El primero llegó apurado, los minutos que gastó en encontrar aquel lugar provocaron que las caladas tuvieran que ser profundas y presurosas. Le costó llegar gracias a esa manía por ponerlo todo en inglés; se podía leer por todas partes: smoking point, pero pocos eran los carteles que acompañados con sus flechas rezaban: punto de fumadores. Se situó justo en una de las esquinas del cuadrilátero que delimitaba aquella zona presa de humos. Estaba sólo, no había nadie con quien hermanarse para criticar la persecución que últimamente estaban sufriendo los fumadores. Faltaban diez minutos para el embarque, de sobra para otro cigarrillo más, después vendrían tres horas sin fumar, las suficientes como para echarlo de menos.
El segundo apareció con un café que depositó en una de las barras que había a un lado y otro de los ceniceros-aspiradores. Sacó su librillo de papel, acumulo un puñado de tabaco en su mano y con un gesto propio de un prestidigitador consiguió liar su cigarro en menos de tres segundos. Observó que había un hombre en una esquina que parecía hacer equilibrios para no salirse de aquella zona. Le hizo gracia y esbozó una sonrisa que fue interpretada por el primer fumador como un gesto de reconocimiento entre compañeros. Alertado por este suceso y previendo que corría el peligro de sufrir la escucha de la típica diatriba contra los detractores del tabaco, el segundo, se dio la vuelta y buscó un punto a lo lejos para fijar la vista. El primero apagó su cigarro sin terminar y se dirigió a su puerta de embarque.
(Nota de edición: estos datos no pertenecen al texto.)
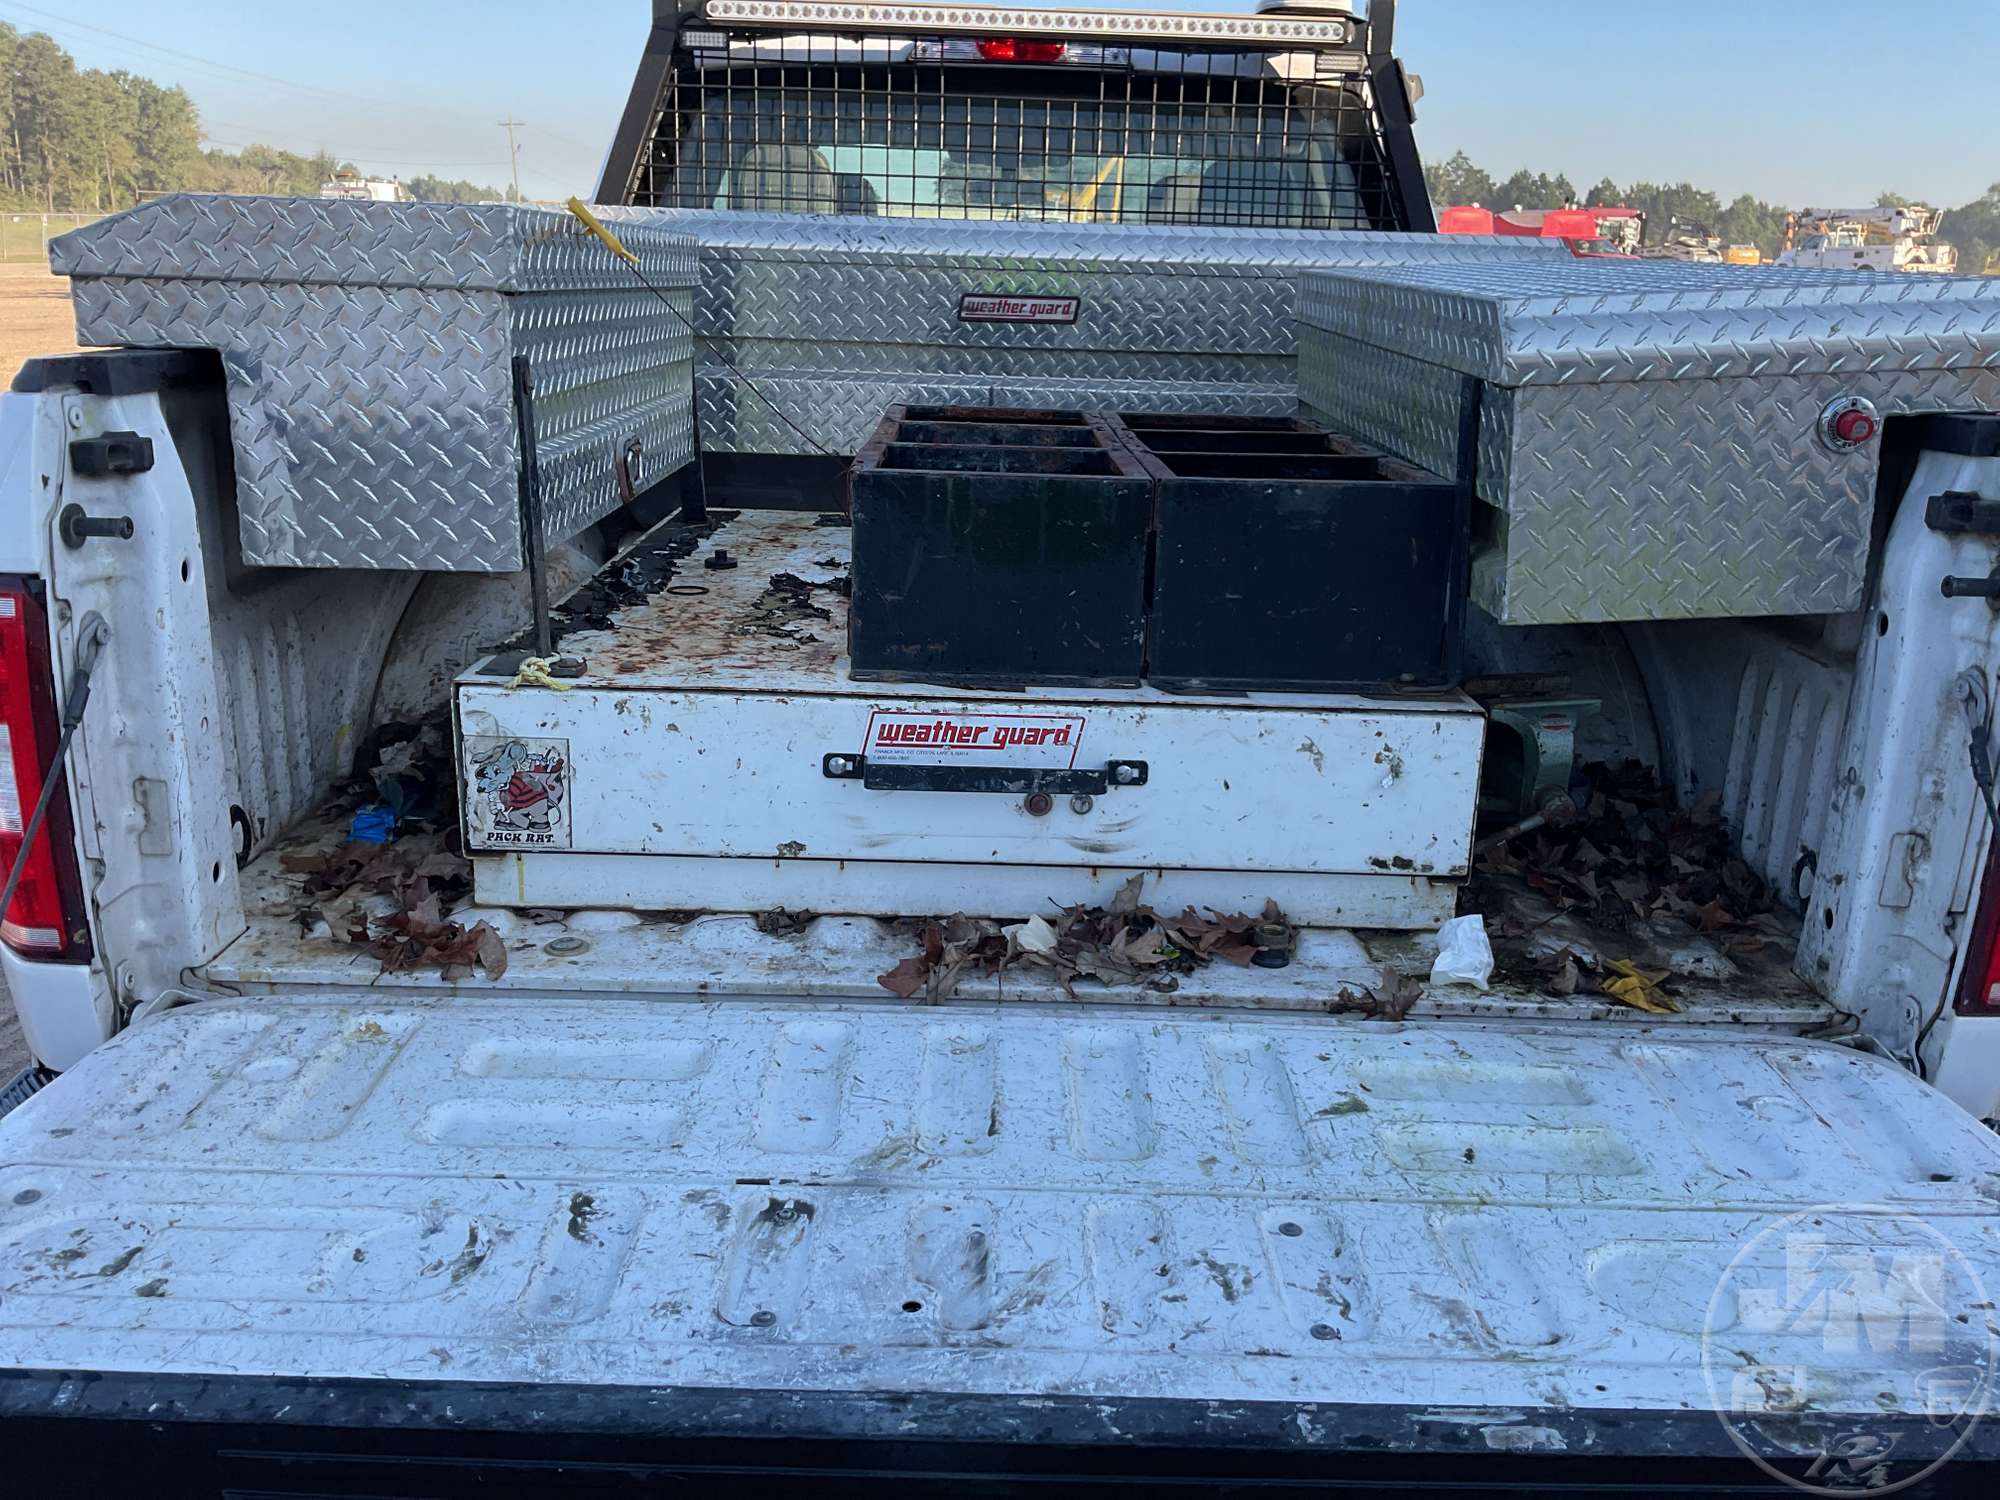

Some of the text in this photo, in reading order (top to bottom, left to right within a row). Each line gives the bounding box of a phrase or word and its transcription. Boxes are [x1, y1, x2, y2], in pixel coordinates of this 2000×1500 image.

[964, 299, 1072, 317] weather guard
[877, 720, 1073, 749] weather guard
[486, 832, 522, 842] PACK
Le hubiera bastado un cabeceo para comenzar a hablar y apurar hasta el último milímetro de su cigarro.
El tercero llegó con un cartón de tabaco bajo el brazo, en su país era más caro, y bien estaba acumular provisiones. Inauguró el cartón y a pesar de que (como es de esperar en el interior de un aeropuerto) no corría viento, protegió la punta de su pitillo con sus manos mientras accionaba la piedra de su mechero para que la lumbre, sin oposición alguna, prendiera al ritmo de su inspiración respiratoria. La otra inspiración, la de las musas, la buscó en las volutas de humo que estaban bailando a su alrededor. Tenía que buscar alguna idea original para aquella campaña publicitaria que tantos quebraderos de cabeza le estaba dando. El señor que compartía la zona de fumadores con él tenía la mirada perdida y el café frío. Bebió lo que quedaba de un trago y se acercó a una papelera a tirar el vaso de plástico. Este hecho provocó que tuviera que sufrir la reacción punitiva de algunos viajeros que dirigieron sus miradas punzantes al cigarro que portaba en la mano. Cada vez era más difícil anunciar tabaco, aun así, el tercero ya comenzaba a vislumbrar una imagen en su cabeza: un bar, dos zonas, en la de no fumadores un hombre menea su café y rumia sus resquemores; en la de fumadores, otro hombre aspira tranquilo un cigarro y planea despreocupadamente el día que le espera. Y la frase culminante diría algo así: tú eliges. Henchido por el alumbramiento de esta idea enfila el pasillo que le tiene que llevar hasta su avión. No puede evitar esbozar una sonrisa que, al menos en sus comisuras, destila algo de malicia, y es que no hay nada como hacer creer al cliente que es libre. El segundo, mohíno, le sigue los pasos; le molesta que los desconocidos intenten entablar conversaciones vanas, pero más le molesta aún, que un desconocido con aire de autosuficiencia se situé a su lado y no le dedique ni un solo gesto de asentimiento, ni una sola mirada.
El cuarto llega pletórico, comienza las vacaciones, y que mejor que un cigarrillo para comenzar con buen pie. Ya se imagina en la playa, con un cóctel en una mano y un puro en la otra. Su caladas son lentas y deleitosas, preludio de lo que está por venir.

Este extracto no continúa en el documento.